Specializes in NICU.

I don't work in OR but it makes sense to me to have the foley under the leg during surgery, out of the way. It's a short term situation, should not be a problem, as it will be over when the pt goes to the floor.

I worked OR for 10 plus years, we always put the tubing under the leg, or if possible, straigth to the end of the or table.

Under the leg @ the knee checking to be sure the flow of urine is not impeded in any manner.

Gently remind the CRNA that you are confident in your ability to position a foley cath on your surgical pt. I have been positioning this way for over 26 years.

Paula

My question to you is, does your facility have a policy in place? if not, maybe it should. Ask the educator. I have been taught that for men you should always tape the foley upwards and downwards for women. I'm not so sure I would worry about a pressure sore unless the surgery was going to be a long one. Also what area of the body is being operated on, and what is the rational behind the tube being under or over other than being in the way of the surg. Things that make you say hummmmmmm.
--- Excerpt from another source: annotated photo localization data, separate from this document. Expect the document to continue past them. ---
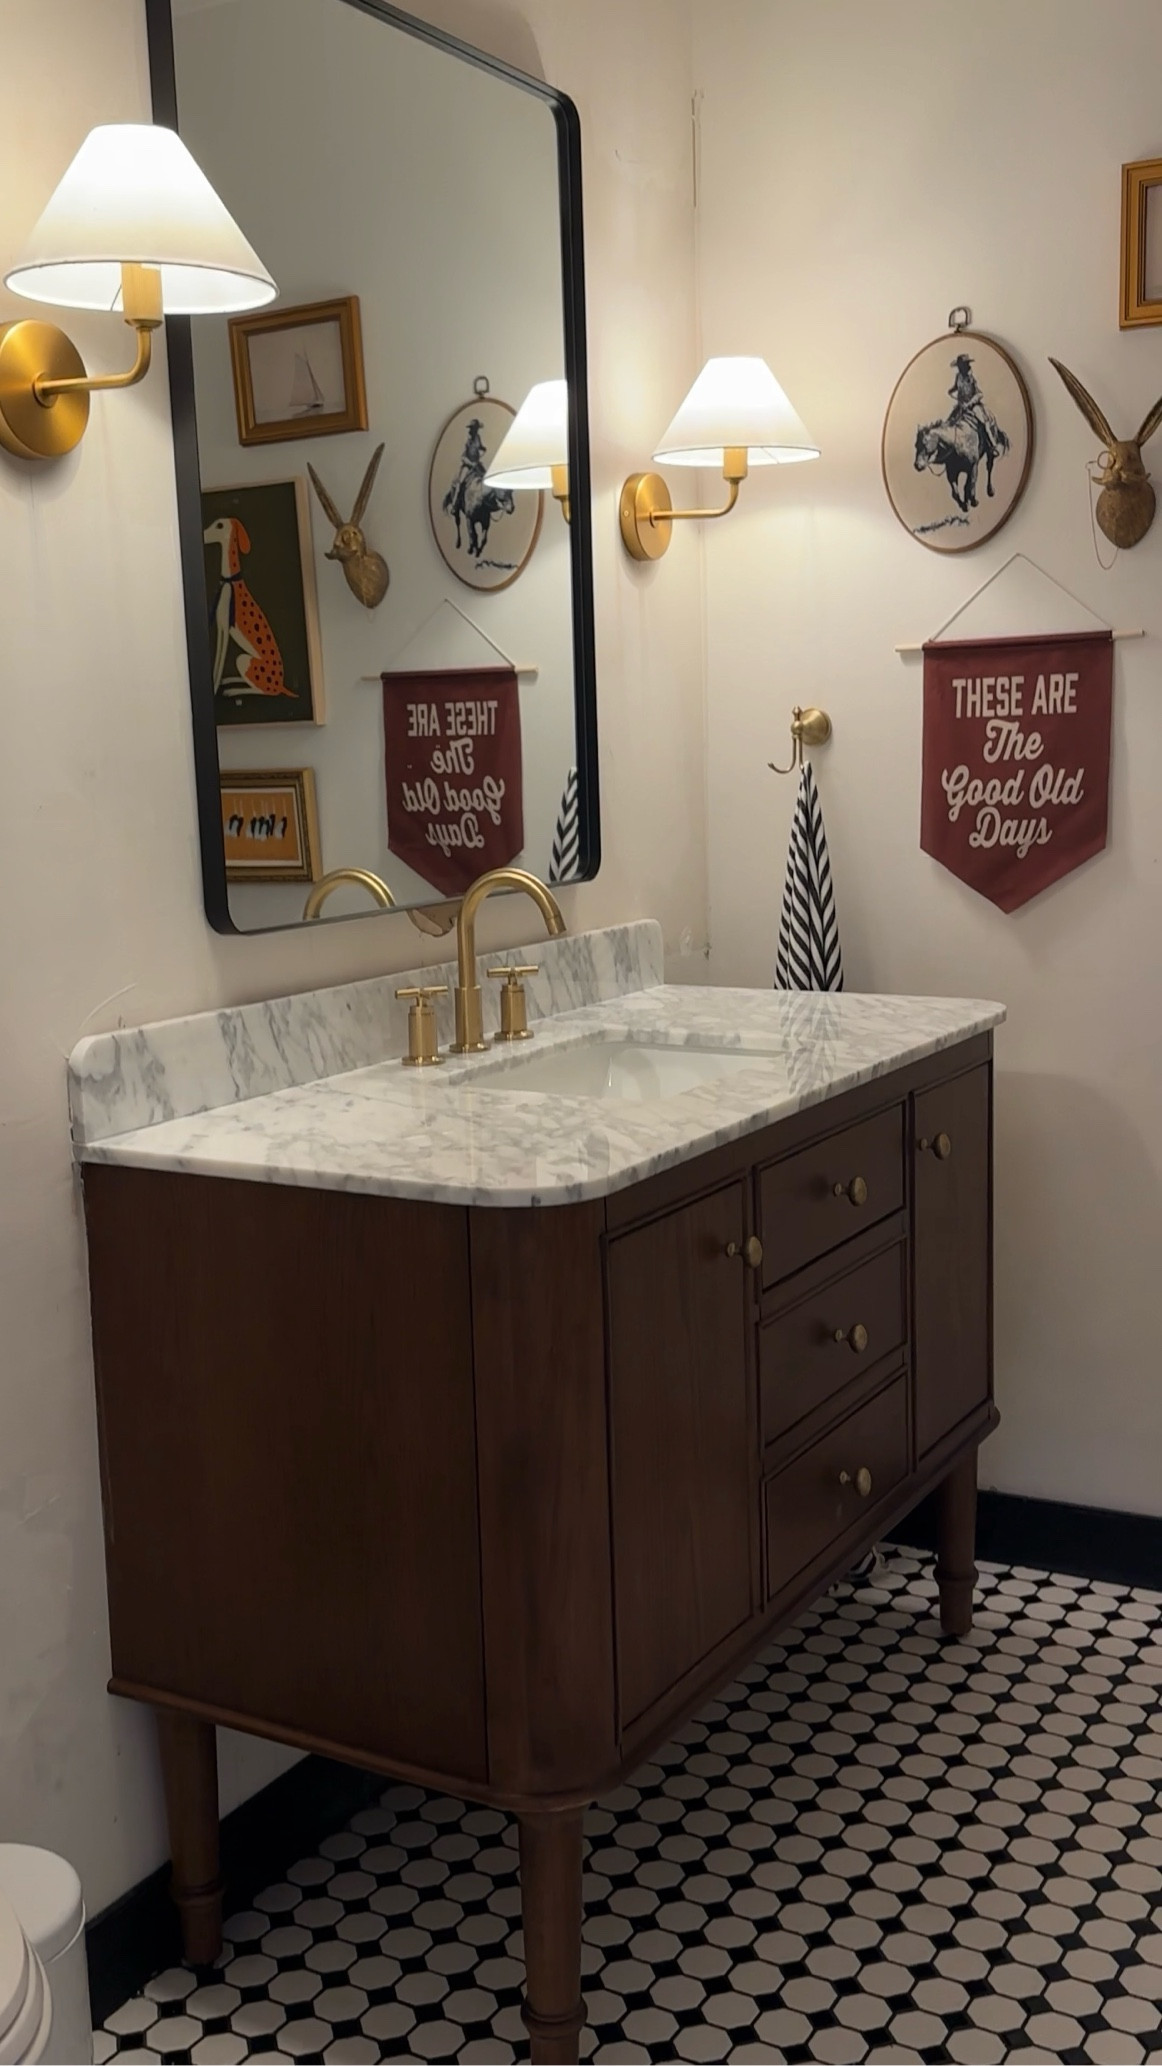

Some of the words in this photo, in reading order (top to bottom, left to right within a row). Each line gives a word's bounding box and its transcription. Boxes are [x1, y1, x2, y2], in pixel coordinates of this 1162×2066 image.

[952, 675, 1024, 718] THESE
[1031, 672, 1079, 715] ARE
[983, 718, 1044, 763] The
[941, 764, 1024, 822] Good
[1028, 763, 1085, 809] Old
[968, 806, 1052, 859] Days
I was taught in the OR to position the tube under the knee with sufficient slack on the foley cath itself. That was the foley isn't pulled to hard on the bladder wall and is loose enough for flow. Usually, people have some space between their knee and the bed so the urimeter tube can fit nicely.

Specializes in OR.

The only time we put a foley over the leg is during an AP resection, or any other perineal case where a foley must be in place. Otherwise, the drainage tubing goes under the leg, usuall near the knee which in turn causes minimal tension on the catheter itself. We have not had a problem with pressure marks or diminished urine flow because of this practice.